The committee was unable to accept solriamfetol (Sunosi) for the treatment of obstructive sleep apnoea (OSA) to improve excessive daytime sleepiness and wakefulness. OSA is a condition where people suffer from frequent interruptions to their breathing during sleep. The main current treatments for OSA is continuous positive airway pressure (CPAP), which uses an air pump to apply positive air pressure through a mask to the patient’s airway, keeping it open. The committee was unable to accept solriamfetol as the company’s evidence around the clinical and cost effectiveness of the treatment was not sufficiently clear.

The committee was also unable to accept a new modified release oral formulation of hydrocortisone (Efmody) for the treatment of congenital adrenal hyperplasia (CAH), a group of rare inherited conditions where the adrenal glands are larger than usual. People with CAH are unable to make enough of a hormone called cortisol so need to take medication every day to manage the symptoms of their disease. The committee was unable to accept this formulation of hydrocortisone as the company’s evidence around the clinical and cost effectiveness of the medicine when compared to other currently available treatments was not strong enough.

SMC chairman Mark MacGregor said:

“We are pleased to be able to accept these five medicines for use by NHSScotland.”

“Sacituzumab govitecan, sotorasib and lorlatinib are the first medicines the SMC Committee has considered after the award of an Innovation Passport in the new ILAP process. We’re delighted that this exciting new collaboration with partners in MHRA, NICE and AWTTC is progressing well and patients in Scotland can now access these three medicines.”

“A diagnosis of triple negative breast cancer can be devastating for patients and their families, particularly as the prognosis is so poor. We hope that our decision to accept sacituzumab govitecan, will offer patients with this form of breast cancer the prospect of a better quality of life and valuable extra time with family and friends.”

“We were also able to accept sotorasib (Lumykras) for NSCLC, the first targeted therapy for patients with this specific type of NSCLC, and from our PACE participants we know that this decision will be welcomed. While evidence on its effectiveness is limited, the committee accepted sotorasib subject to future reassessment.”

“There are very few treatment options for endometrial cancer so we know that our decision on dostarlimab will be welcomed by patients and clinicians.
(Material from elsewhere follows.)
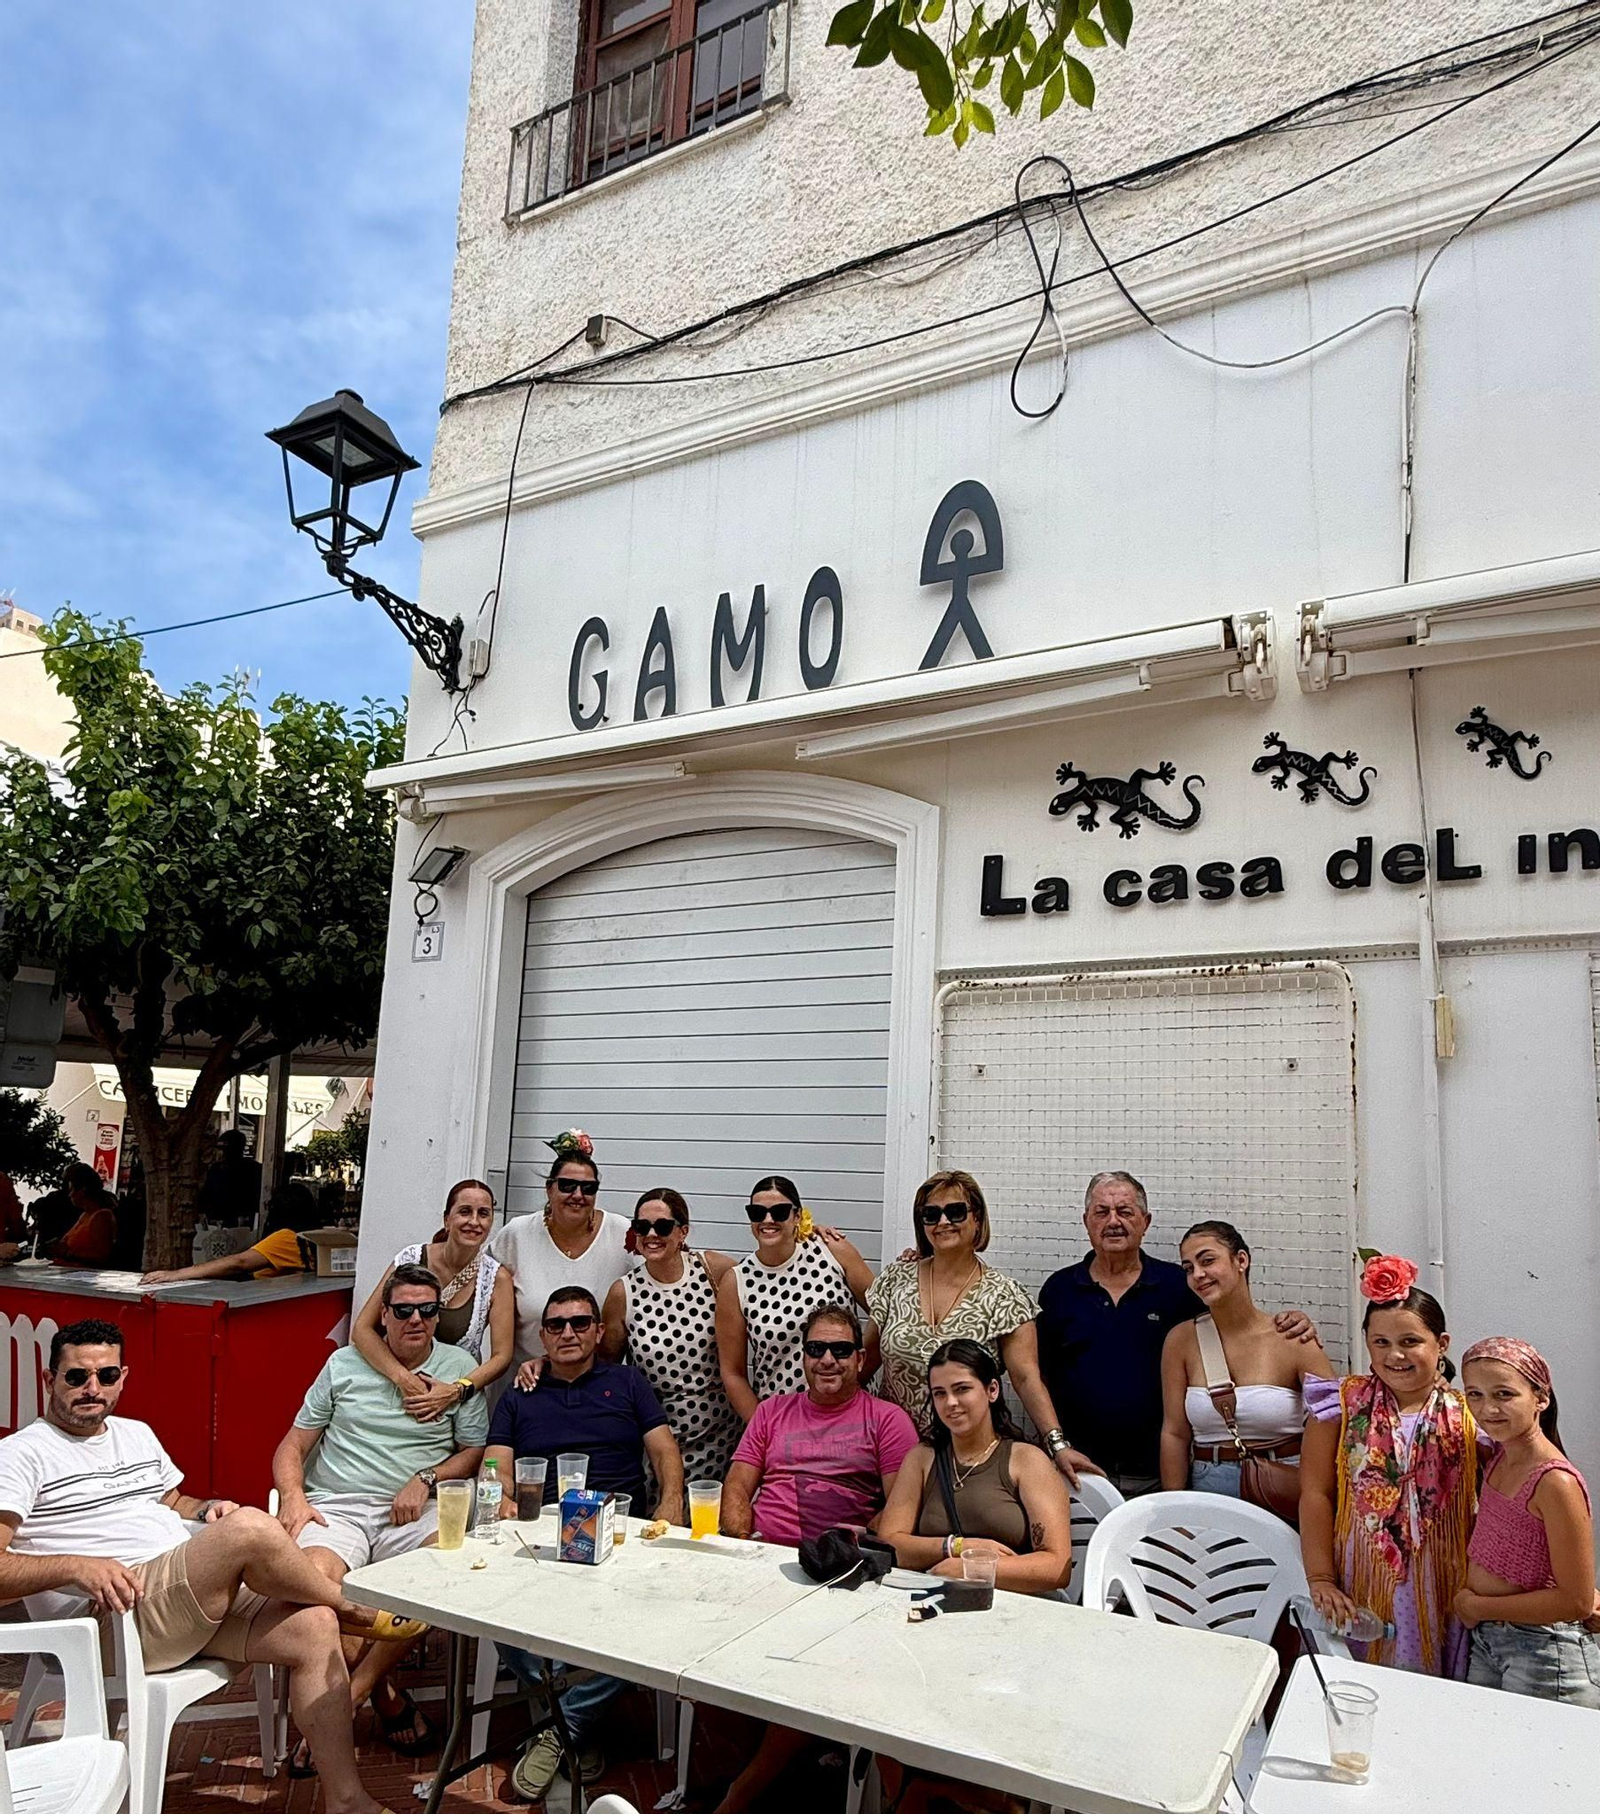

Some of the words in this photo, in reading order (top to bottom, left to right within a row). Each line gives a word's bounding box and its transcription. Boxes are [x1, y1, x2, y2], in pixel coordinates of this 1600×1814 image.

[568, 566, 843, 731] GAMO
[980, 854, 1069, 917] La
[1102, 856, 1285, 908] casa
[422, 936, 432, 954] 3
Dostarlimab may be a useful additional treatment but as the evidence considered was limited, the committee has accepted its use subject to reassessment once further evidence is available.”
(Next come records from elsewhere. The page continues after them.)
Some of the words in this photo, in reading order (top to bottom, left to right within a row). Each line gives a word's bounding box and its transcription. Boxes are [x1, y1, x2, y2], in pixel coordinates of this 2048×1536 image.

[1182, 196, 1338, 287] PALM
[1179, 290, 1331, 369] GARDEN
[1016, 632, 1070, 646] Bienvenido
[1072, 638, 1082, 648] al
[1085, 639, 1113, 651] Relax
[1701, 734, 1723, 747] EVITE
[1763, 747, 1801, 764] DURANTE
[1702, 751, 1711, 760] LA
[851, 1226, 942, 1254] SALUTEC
“For patients with HAE, our decision on berotralstat offers an oral treatment option which may be easier to tolerate than current intravenous treatments.”

“The committee was unable to accept solriamfetol (Sunosi) and new modified release oral formulation of hydrocortisone as the evidence provided by the companies on on the clinical and cost effectiveness of both of these treatments was not clear.”

“We were also unable to accept the new formulation of hydrocortisone as the evidence provided by the company on the benefits of using this medicine instead of the current treatment options was not strong enough to justify its cost.”